Truly Nolen is one of the world's largest family-owned pest control companies in the United States, and the brand is most commonly associated with the yellow mouse car. It has over 70 corporate locations in the United States and over 40 domestic franchises in the U.S., Puerto Rico, and Canada. A separate arm of the company, Truly Nolen International, has over 200 international franchises in over 65 countries.

==History==
The company's founder, Truly David Nolen went to work for his father Truly Wheatfield Nolen in Miami, Florida in 1938 for a pest control company called Economy Exterminators. Truly David Nolen eventually moved to Tucson, Arizona where he opened his own company called Truly Nolen in 1955. After he purchased his father's company in 1966, the lineage for his own company now stretched back to 1938 and allowed him to begin growing one of the nation's largest family-owned businesses to other states besides Arizona and Florida.
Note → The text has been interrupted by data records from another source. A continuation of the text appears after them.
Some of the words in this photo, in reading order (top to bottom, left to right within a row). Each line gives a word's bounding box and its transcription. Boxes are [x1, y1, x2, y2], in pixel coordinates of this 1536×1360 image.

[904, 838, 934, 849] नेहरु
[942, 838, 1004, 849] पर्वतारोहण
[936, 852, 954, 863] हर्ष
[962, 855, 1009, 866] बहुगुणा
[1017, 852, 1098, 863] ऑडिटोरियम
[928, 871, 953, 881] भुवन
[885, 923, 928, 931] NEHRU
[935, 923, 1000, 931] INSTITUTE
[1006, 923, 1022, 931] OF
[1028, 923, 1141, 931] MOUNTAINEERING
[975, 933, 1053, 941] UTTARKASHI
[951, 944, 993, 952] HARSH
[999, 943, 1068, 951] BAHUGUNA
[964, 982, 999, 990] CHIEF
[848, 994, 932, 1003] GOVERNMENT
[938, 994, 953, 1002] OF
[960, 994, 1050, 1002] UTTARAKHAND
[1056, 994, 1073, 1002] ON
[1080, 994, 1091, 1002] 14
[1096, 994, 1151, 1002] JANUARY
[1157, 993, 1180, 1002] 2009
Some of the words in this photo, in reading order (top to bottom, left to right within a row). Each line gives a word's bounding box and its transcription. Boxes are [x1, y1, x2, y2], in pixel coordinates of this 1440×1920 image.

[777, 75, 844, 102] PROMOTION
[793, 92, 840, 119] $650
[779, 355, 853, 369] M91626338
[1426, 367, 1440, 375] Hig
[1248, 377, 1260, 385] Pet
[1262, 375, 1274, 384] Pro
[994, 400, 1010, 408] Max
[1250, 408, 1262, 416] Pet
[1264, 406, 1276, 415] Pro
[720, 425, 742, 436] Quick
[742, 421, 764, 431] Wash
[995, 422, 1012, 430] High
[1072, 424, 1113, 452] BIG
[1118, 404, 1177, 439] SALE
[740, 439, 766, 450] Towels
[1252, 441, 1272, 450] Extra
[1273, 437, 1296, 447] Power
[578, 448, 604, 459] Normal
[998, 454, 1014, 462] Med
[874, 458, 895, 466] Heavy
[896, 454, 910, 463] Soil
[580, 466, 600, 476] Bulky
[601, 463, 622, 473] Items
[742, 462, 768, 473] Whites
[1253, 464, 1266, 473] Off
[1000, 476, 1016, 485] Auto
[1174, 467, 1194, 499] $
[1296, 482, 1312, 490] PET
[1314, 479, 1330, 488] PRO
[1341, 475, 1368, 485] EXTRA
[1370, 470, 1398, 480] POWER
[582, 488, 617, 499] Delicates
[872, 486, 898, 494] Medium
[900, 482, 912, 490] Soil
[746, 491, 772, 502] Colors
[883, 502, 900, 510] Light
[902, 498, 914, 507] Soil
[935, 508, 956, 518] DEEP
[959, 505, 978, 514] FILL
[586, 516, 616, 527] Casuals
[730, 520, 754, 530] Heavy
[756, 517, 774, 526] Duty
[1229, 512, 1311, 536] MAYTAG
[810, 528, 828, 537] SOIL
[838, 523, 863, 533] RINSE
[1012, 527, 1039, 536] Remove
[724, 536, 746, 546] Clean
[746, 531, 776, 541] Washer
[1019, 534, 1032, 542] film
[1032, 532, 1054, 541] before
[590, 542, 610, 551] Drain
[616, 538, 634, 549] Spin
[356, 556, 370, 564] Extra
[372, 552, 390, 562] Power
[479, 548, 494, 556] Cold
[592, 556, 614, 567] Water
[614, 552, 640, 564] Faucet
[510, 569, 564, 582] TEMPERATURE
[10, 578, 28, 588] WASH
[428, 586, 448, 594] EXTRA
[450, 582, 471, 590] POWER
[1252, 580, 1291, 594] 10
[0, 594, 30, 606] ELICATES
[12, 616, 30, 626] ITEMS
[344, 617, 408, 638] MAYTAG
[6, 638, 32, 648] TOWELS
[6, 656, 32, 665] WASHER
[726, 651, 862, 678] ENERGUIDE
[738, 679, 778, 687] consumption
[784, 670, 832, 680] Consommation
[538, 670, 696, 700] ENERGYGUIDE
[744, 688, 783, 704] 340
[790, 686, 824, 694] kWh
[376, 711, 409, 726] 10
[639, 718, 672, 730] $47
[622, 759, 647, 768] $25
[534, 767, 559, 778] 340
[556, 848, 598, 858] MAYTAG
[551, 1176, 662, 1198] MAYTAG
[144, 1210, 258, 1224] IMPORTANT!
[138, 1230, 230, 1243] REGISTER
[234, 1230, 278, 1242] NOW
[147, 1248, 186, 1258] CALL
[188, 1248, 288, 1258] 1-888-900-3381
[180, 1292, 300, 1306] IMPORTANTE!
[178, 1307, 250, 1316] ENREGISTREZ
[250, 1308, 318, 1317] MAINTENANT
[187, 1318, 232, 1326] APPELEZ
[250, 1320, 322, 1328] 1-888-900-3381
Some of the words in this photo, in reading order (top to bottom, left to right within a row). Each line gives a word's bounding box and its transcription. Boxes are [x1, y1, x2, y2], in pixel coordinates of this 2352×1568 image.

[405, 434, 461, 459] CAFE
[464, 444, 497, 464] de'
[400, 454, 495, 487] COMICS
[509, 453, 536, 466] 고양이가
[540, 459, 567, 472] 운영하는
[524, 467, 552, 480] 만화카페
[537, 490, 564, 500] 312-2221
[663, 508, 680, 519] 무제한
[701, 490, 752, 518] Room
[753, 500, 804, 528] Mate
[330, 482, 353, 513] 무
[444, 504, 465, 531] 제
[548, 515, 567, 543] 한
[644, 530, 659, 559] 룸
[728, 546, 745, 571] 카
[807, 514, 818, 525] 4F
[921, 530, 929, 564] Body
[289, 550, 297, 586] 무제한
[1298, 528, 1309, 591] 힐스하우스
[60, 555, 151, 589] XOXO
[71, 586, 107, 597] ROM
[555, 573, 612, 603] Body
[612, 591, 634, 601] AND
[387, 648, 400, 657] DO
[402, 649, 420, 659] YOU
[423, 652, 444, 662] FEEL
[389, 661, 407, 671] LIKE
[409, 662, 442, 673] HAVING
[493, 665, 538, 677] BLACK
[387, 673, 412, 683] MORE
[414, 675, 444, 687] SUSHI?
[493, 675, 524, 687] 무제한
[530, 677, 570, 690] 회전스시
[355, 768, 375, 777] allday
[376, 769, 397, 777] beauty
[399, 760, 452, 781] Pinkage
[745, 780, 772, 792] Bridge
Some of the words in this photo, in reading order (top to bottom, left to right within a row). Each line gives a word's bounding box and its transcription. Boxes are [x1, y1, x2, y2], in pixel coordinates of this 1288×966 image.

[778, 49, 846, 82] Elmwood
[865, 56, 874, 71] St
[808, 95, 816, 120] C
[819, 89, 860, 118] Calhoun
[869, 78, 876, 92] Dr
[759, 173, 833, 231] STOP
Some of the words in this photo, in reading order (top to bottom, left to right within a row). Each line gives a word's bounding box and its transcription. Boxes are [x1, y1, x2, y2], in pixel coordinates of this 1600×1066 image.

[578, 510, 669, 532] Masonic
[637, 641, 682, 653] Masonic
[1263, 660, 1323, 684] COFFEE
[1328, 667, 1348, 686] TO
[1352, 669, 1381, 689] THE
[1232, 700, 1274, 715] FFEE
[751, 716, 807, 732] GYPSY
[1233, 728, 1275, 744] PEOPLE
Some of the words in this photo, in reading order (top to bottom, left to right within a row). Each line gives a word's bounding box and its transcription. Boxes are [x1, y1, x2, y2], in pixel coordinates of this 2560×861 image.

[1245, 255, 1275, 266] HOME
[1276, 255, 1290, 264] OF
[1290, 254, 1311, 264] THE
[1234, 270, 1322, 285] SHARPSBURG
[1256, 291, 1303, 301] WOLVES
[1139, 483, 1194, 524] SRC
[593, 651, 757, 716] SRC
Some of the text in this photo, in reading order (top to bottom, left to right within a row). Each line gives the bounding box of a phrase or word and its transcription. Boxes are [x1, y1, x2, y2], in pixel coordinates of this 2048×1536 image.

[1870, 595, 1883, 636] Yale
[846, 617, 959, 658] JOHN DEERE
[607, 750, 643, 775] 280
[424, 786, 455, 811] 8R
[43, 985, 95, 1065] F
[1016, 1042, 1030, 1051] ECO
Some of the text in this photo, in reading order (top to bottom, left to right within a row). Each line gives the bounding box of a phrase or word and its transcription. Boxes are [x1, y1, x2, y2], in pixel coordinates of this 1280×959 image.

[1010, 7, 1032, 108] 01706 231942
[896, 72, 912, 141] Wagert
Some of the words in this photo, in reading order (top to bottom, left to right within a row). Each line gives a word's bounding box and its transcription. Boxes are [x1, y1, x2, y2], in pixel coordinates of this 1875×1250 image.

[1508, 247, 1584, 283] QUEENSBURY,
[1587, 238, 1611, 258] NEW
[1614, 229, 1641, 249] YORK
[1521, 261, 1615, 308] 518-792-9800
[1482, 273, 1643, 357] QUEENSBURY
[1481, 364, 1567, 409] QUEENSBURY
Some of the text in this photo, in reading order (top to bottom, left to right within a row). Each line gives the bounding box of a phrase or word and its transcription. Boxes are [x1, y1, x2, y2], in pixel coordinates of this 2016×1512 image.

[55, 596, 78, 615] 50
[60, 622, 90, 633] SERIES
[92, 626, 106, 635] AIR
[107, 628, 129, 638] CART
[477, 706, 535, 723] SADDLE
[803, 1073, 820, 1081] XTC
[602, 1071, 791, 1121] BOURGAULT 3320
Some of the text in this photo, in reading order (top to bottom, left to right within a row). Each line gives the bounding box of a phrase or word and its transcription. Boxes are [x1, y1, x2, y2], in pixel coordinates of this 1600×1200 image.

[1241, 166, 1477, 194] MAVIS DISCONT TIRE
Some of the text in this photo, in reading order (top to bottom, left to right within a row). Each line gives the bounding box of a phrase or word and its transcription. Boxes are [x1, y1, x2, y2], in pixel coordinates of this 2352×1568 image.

Truly David Nolen, died Tuesday, April 18, 2017, at his Florida home at the age of 89.

==Structure==
The company integrated the business originally owned by the current executive officer, Truly David Nolen, in Tucson, Arizona and the business of his father, Truly Wheatfield Nolen, owned prior to his death in 1966 in South Miami Beach, Florida. There are about 70 branches in seven states. The company operates in a decentralized manner with administrative units in separate cities.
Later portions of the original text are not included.